→ **To do**: In your copy of the records, include every word exactly and no pictures.

→ **Exercise inputs**:

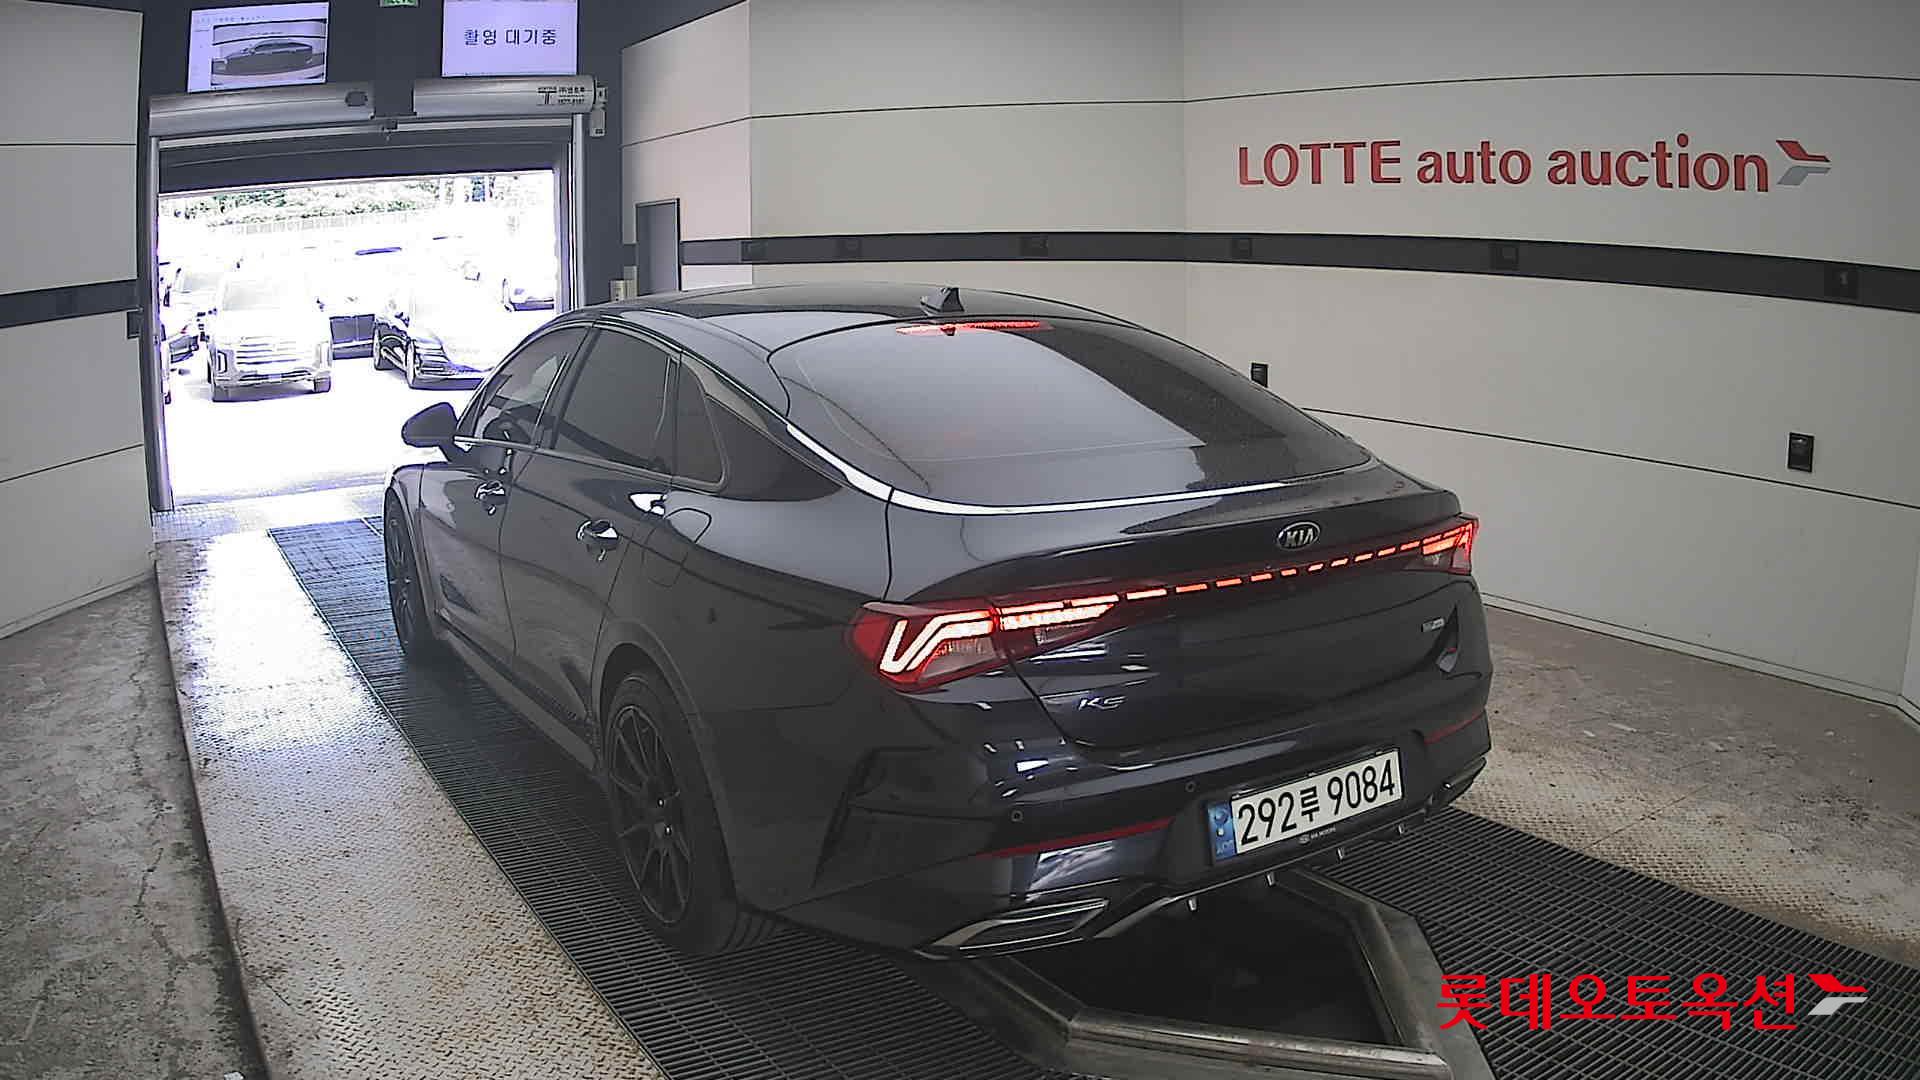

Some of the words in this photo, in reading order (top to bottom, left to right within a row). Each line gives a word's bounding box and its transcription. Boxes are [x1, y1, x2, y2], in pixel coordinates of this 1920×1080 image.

[465, 29, 497, 46] 촬영
[505, 29, 556, 46] 대기중
[1239, 140, 1401, 186] LOTTE
[1417, 141, 1531, 185] auto
[1548, 133, 1769, 192] auction
[1283, 526, 1315, 548] KIA
[1237, 785, 1320, 846] 292루
[1326, 759, 1396, 815] 9084
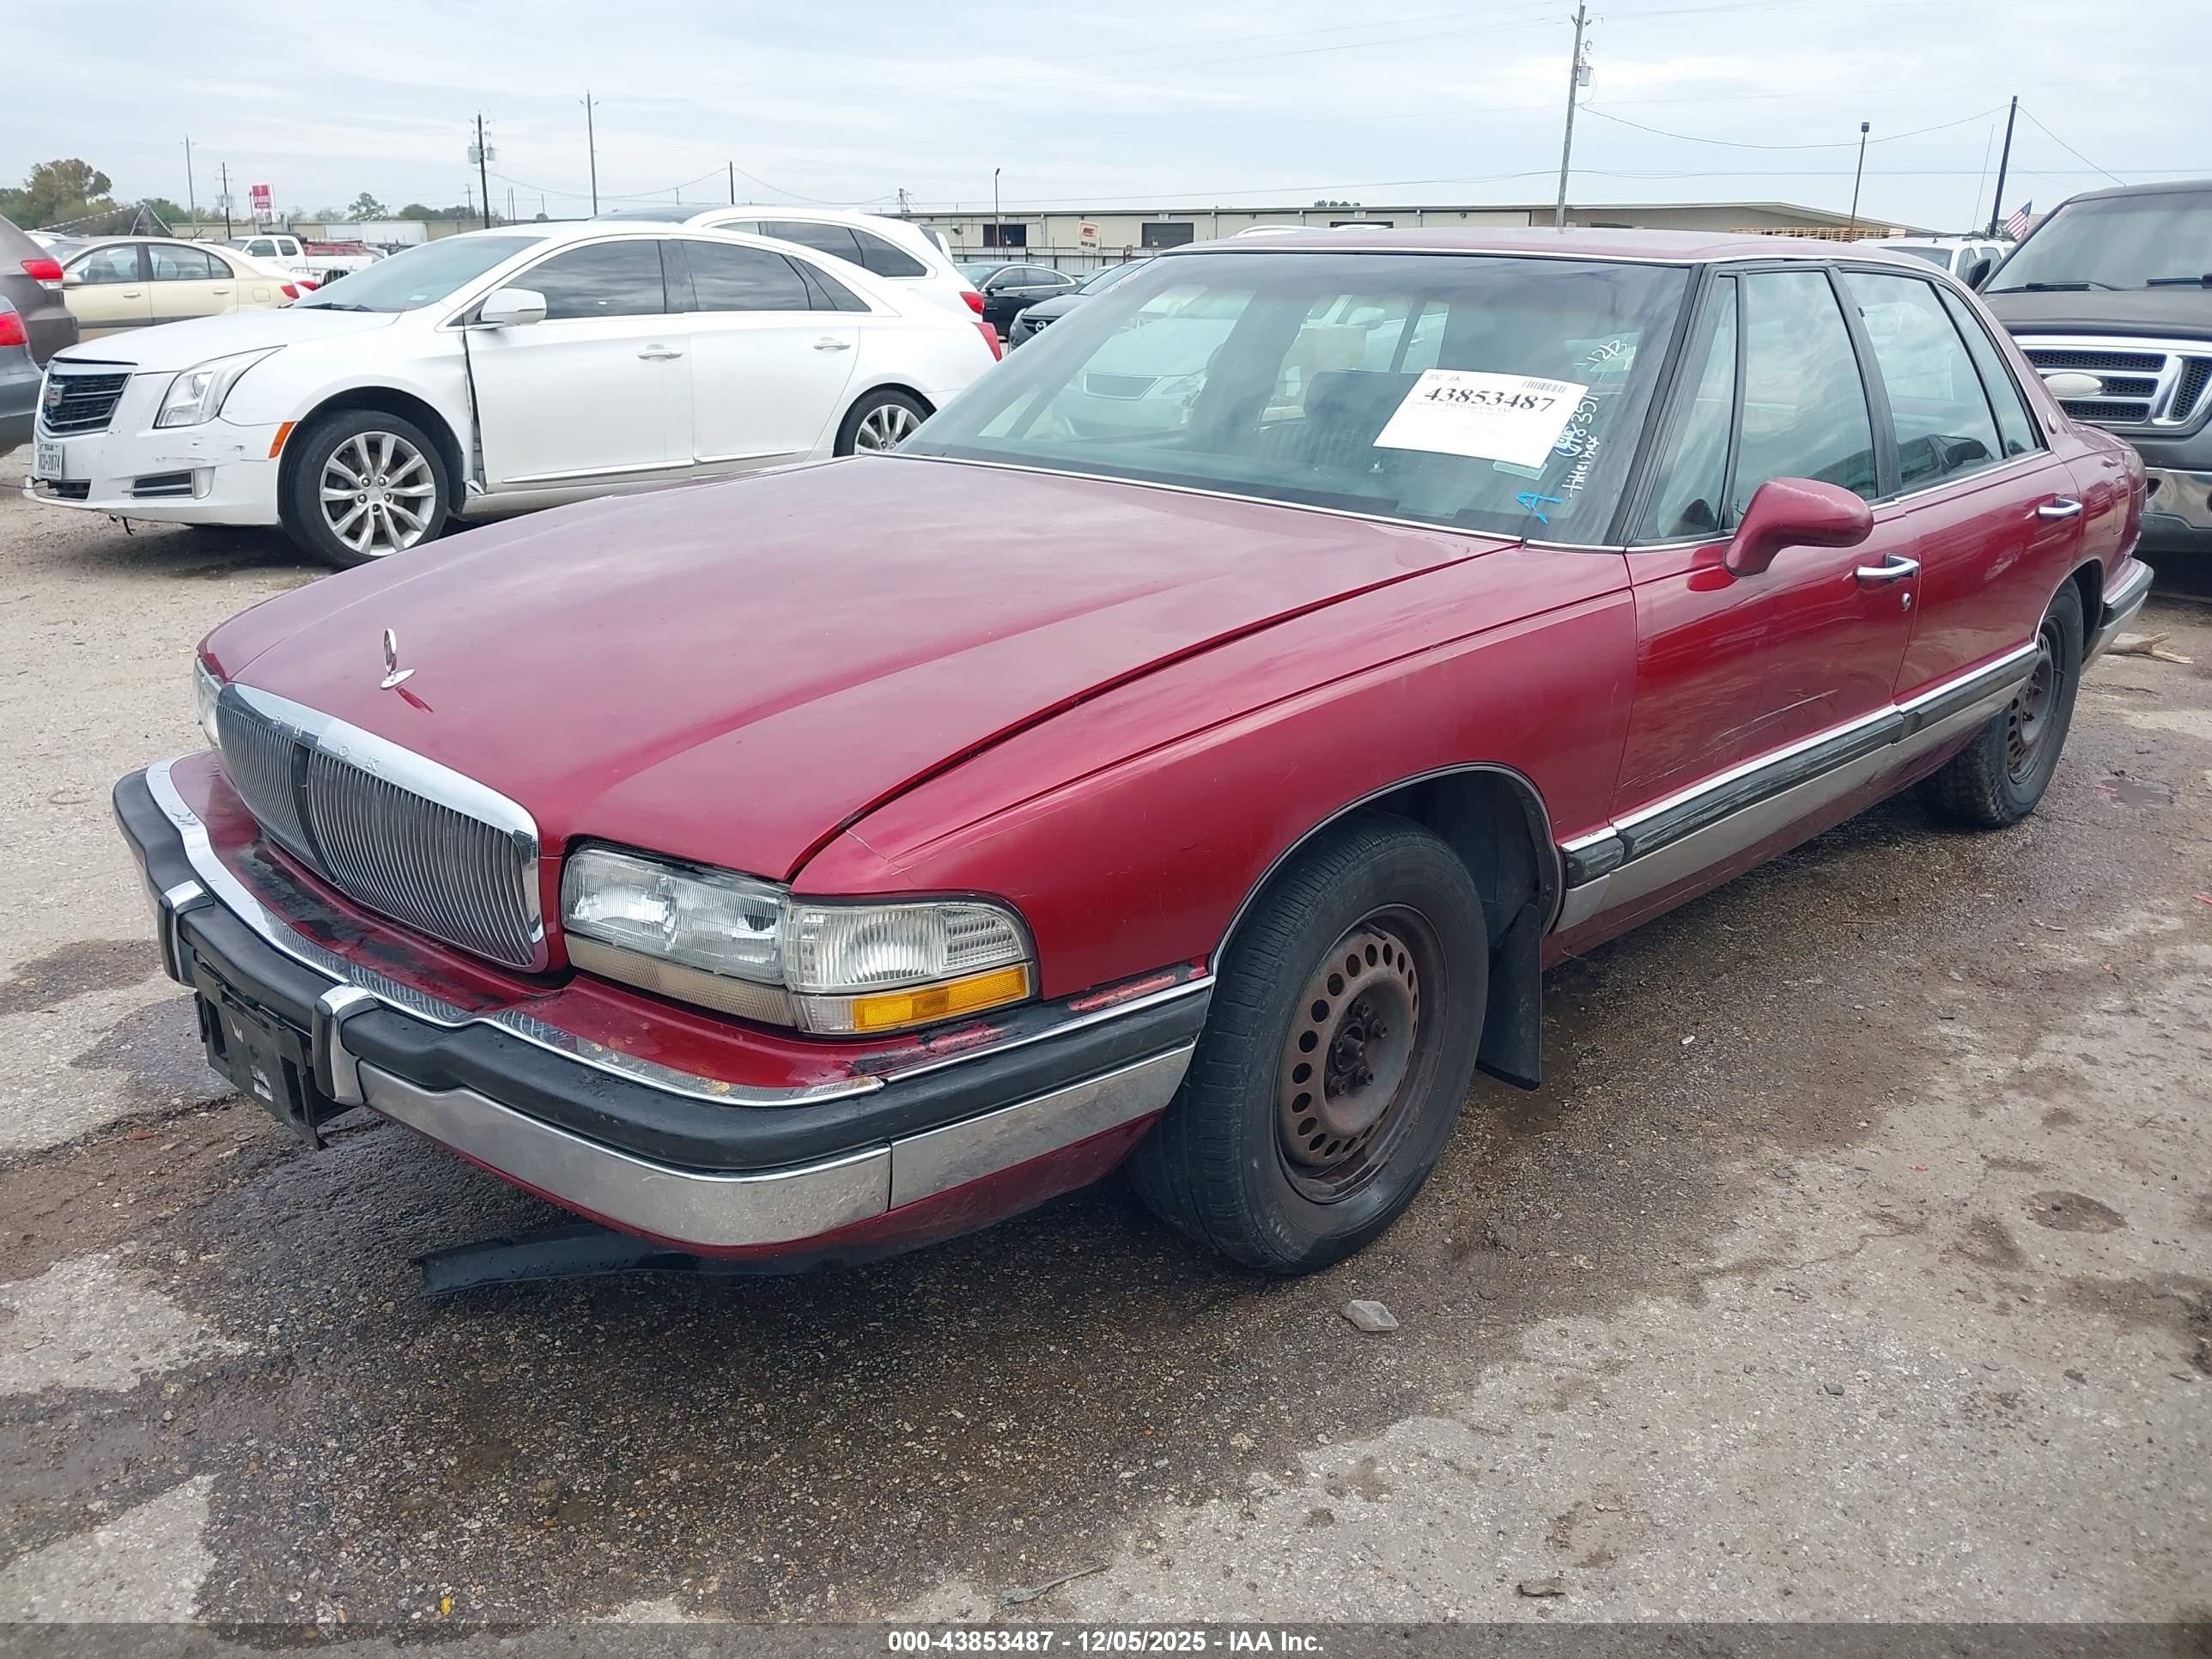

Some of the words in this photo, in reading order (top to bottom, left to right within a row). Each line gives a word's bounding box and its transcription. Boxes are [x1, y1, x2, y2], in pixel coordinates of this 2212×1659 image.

→ **Reply**:
Some of the words in this photo, in reading order (top to bottom, left to right within a row). Each line gives a word's bounding box and its transcription. Boxes are [x1, y1, x2, y2], in pixel coordinates of this 1920×1080 image.

[465, 29, 497, 46] 촬영
[505, 29, 556, 46] 대기중
[1239, 140, 1401, 186] LOTTE
[1417, 141, 1531, 185] auto
[1548, 133, 1769, 192] auction
[1283, 526, 1315, 548] KIA
[1237, 785, 1320, 846] 292루
[1326, 759, 1396, 815] 9084

Some of the words in this photo, in reading order (top to bottom, left to right within a row). Each line gives a word's bounding box and its transcription. Boxes are [x1, y1, x2, y2], in pixel coordinates of this 2212×1659 image.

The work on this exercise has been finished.